#### WORK TO COMPLETE:
Each line of the entries that mentions the string "words" needs to be reported.

#### SOURCE RECORDS:
========================================================================

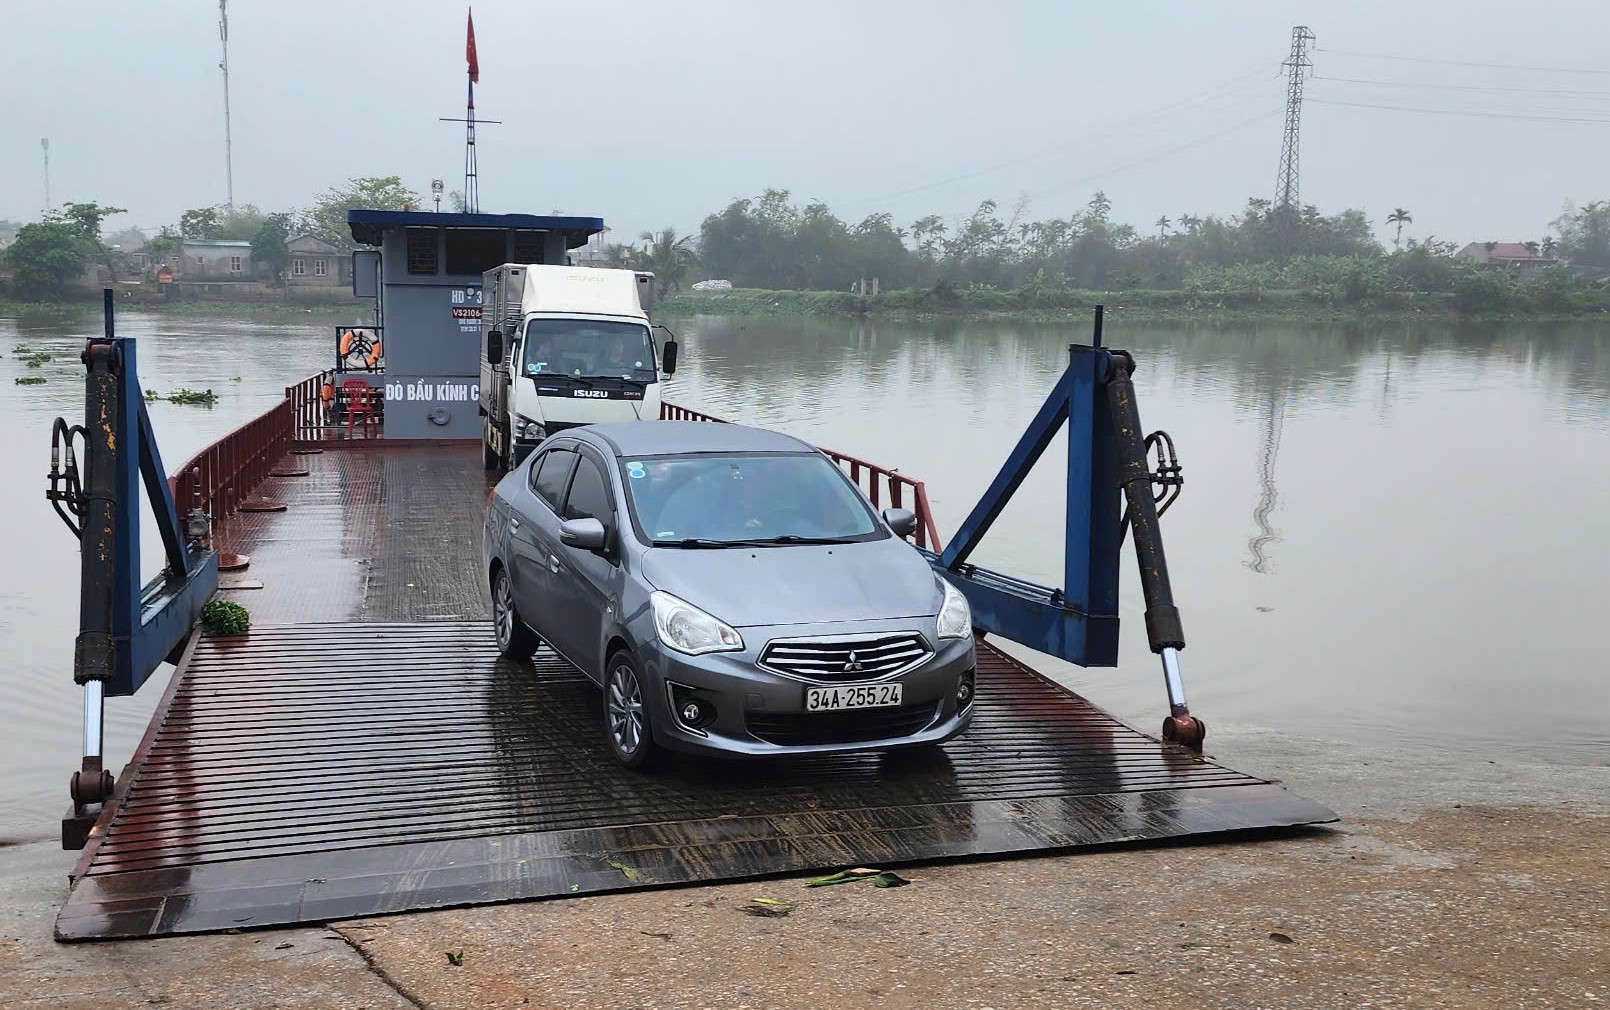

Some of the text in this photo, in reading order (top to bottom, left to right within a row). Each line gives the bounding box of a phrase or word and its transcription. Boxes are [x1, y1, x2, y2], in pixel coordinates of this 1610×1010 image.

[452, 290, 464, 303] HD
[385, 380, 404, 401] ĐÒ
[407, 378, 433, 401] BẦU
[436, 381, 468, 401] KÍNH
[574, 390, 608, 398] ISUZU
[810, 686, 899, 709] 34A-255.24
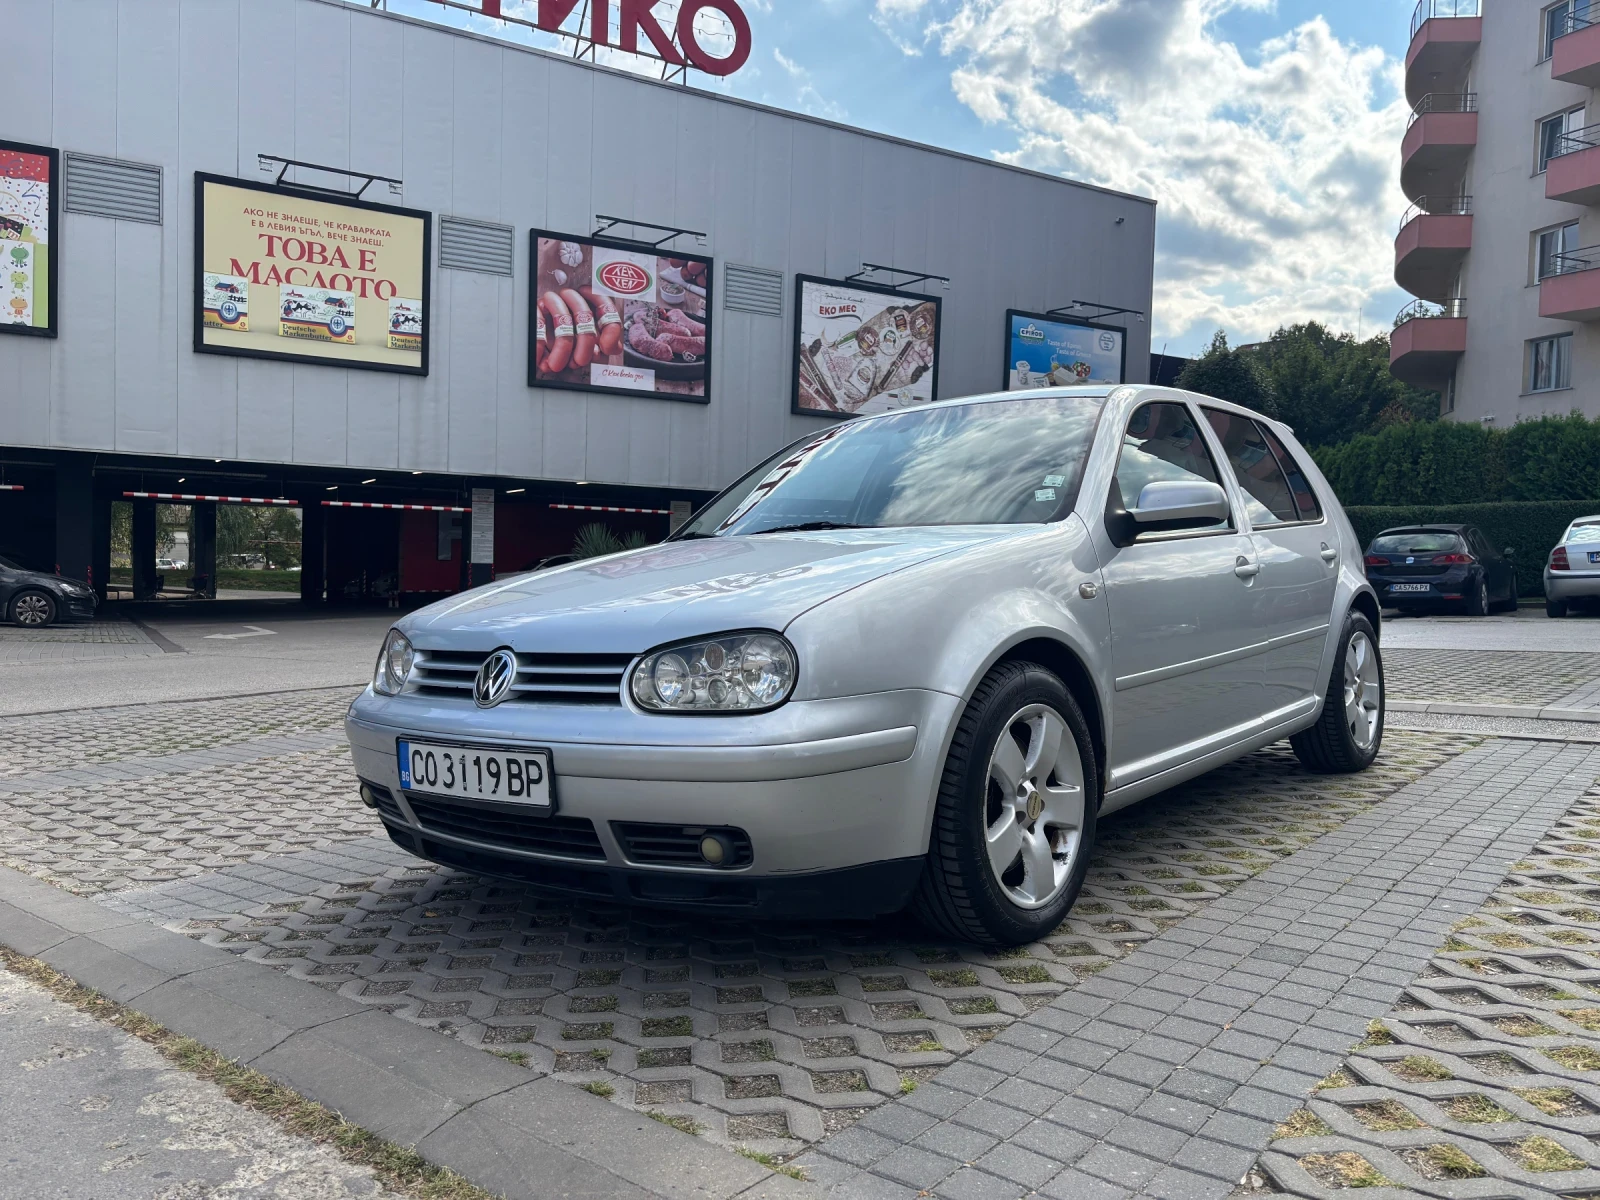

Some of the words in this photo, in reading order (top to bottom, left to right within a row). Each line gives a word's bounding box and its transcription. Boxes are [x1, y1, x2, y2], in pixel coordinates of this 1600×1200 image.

========================================================================

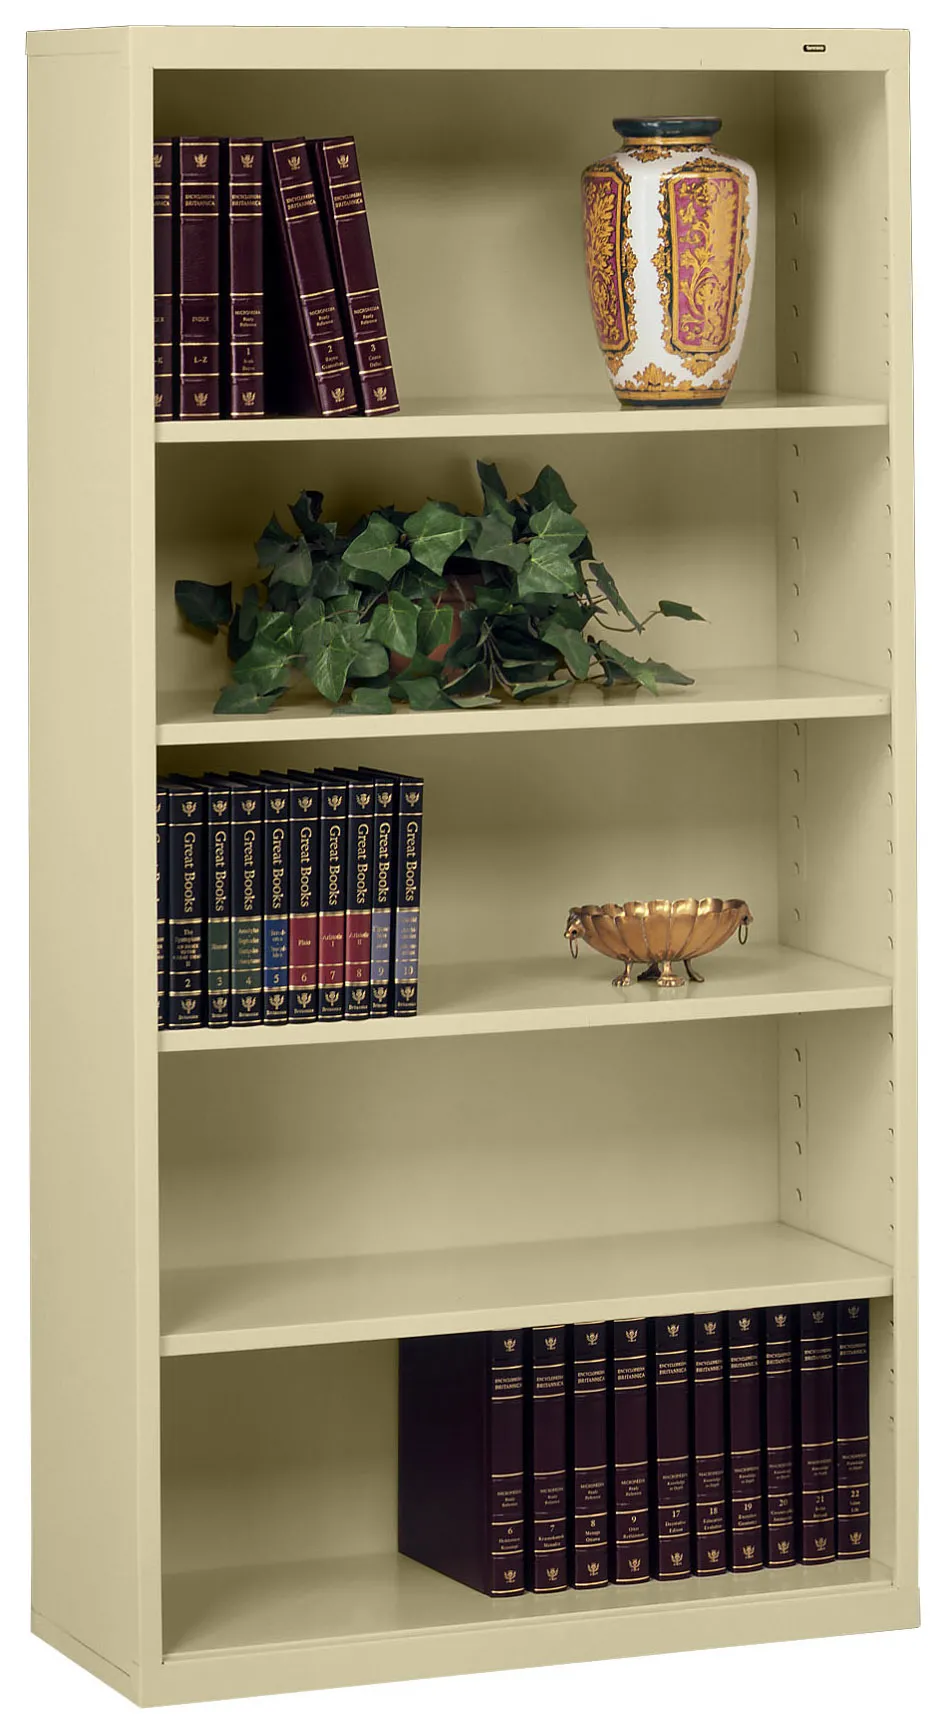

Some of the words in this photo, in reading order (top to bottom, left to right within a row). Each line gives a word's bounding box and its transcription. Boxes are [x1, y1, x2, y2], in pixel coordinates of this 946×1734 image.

========================================================================

#### SOLVED EXERCISE:
Some of the words in this photo, in reading order (top to bottom, left to right within a row). Each line gives a word's bounding box and its transcription. Boxes are [x1, y1, x2, y2], in pixel coordinates of this 1600×1200 image.
Some of the words in this photo, in reading order (top to bottom, left to right within a row). Each line gives a word's bounding box and its transcription. Boxes are [x1, y1, x2, y2], in pixel coordinates of this 946×1734 image.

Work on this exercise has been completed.